Pay recipients in their local currency

You can pay recipients in any supported currency, even if your PayPal account does not hold a balance in that currency. To do this, set the items.amount.currency parameter in your payout request to the appropriate currency code. PayPal automatically converts currencies and applies relevant fees. This helps you reach recipients globally and simplify cross-border payments.
For more information about currency conversion, country exclusions, and restrictions, see Currency conversion.
Use a valid access token and make a GET call to the /v1/payments/payouts/{ID} endpoint. Path parameter: ID is the payout_batch_id returned in the Create payout batch response.
curl -X GET https://api-m.sandbox.paypal.com/v1/payments/payouts/5UXD2E8A7EBQJ \
  -H 'Content-Type: application/json' \
  -H 'Authorization: Bearer ACCESS-TOKEN'
A successful call returns a 200 OK response with the payout details, including currency conversion fee details for each payout item.

Get specific payout details

When you track payouts status, you can use the fields query parameter and customize the response to return only the information you need.

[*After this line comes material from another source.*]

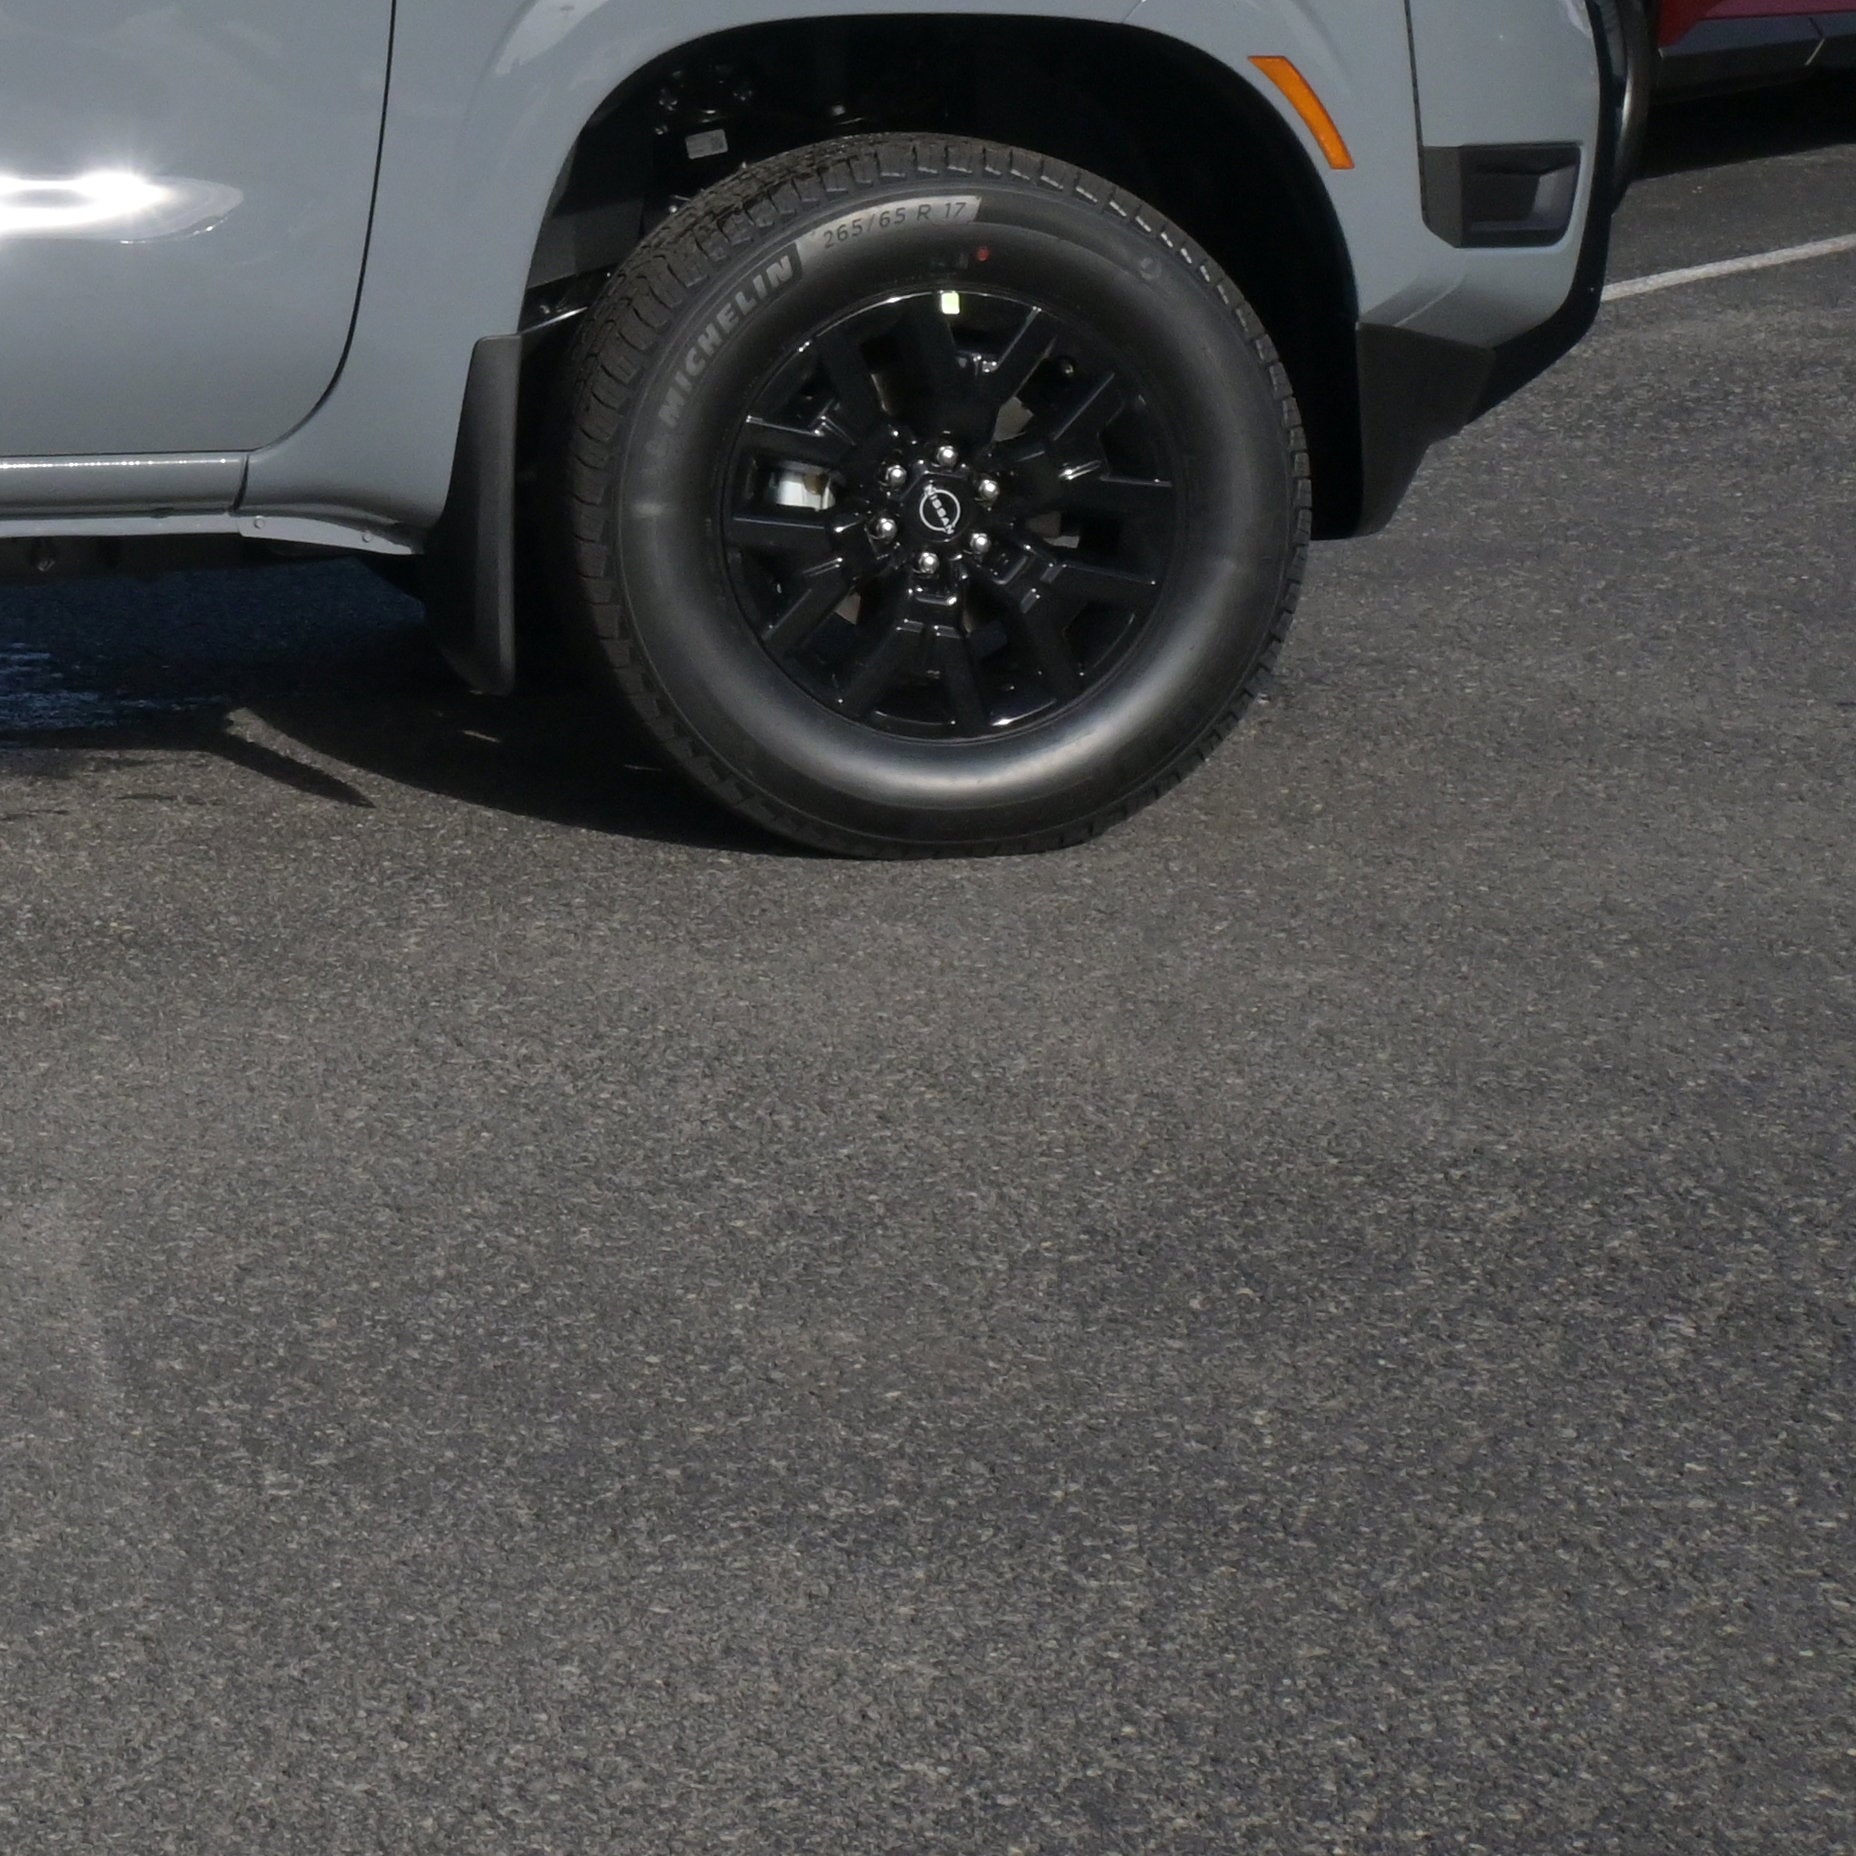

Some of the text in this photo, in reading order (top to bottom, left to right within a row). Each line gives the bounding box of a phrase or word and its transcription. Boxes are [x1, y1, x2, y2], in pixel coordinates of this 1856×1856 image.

[917, 203, 932, 221] R
[944, 202, 967, 220] 17
[658, 255, 793, 427] MICHELIN
[923, 484, 955, 534] NISSAN

This enables you to tailor the API output for summary reporting or reconciliation. Requesting specific fields reduces response size and improves performance. Use a valid access token and make a GET call to the /v1/payments/payouts/{ID}?fields={FIELDS} endpoint. Path parameter: ID is the payout_batch_id returned in the Create payout batch response. Query parameter: FIELDS are the specific fields that you need in the response. For example, you can request only the batch_header for a summary.
curl -v -X GET 'https://api-m.sandbox.paypal.com/v1/payments/payouts/NNX8XK9T3CGWN?fields=batch_header' \
  -H 'Content-Type: application/json' \
  -H 'Authorization: Bearer ACCESS-TOKEN'
A successful call returns a 200 OK response with the requested details of the payout batch.

Prevent duplicate requests

You can prevent the processing of duplicate batch payouts. To do this, in the create payout batch request, use a unique sender_batch_id for each batch. If you reuse a sender_batch_id from the last 30 days, the API rejects the request and returns an error with a HATEOAS link to the original batch. When you retry a request after an HTTP 5xx error, use the same sender_batch_id as the original request to ensure PayPal processes only one batch, even if you submit multiple requests.

Implement idempotency

You can retry a payout request multiple times and still ensure that it has the effect of only one successful request, through idempotency. To implement idempotency:
  • Include a unique, self-generated idempotency key as the PayPal-Request-Id header-parameter value for each payout request.
  • Use the same idempotency key when you retry the request due to a network issue or HTTP 5xx server error.
  • If the payout details already exist, PayPal returns the current state of the payout. This ensures you create only one payout for each unique key.
If PayPal receives two simultaneous requests with the same PayPal-Request-Id (idempotency key), PayPal processes only the first request. The second request fails with an error indicating the duplicate key. For more information, see PayPal-Request-Id.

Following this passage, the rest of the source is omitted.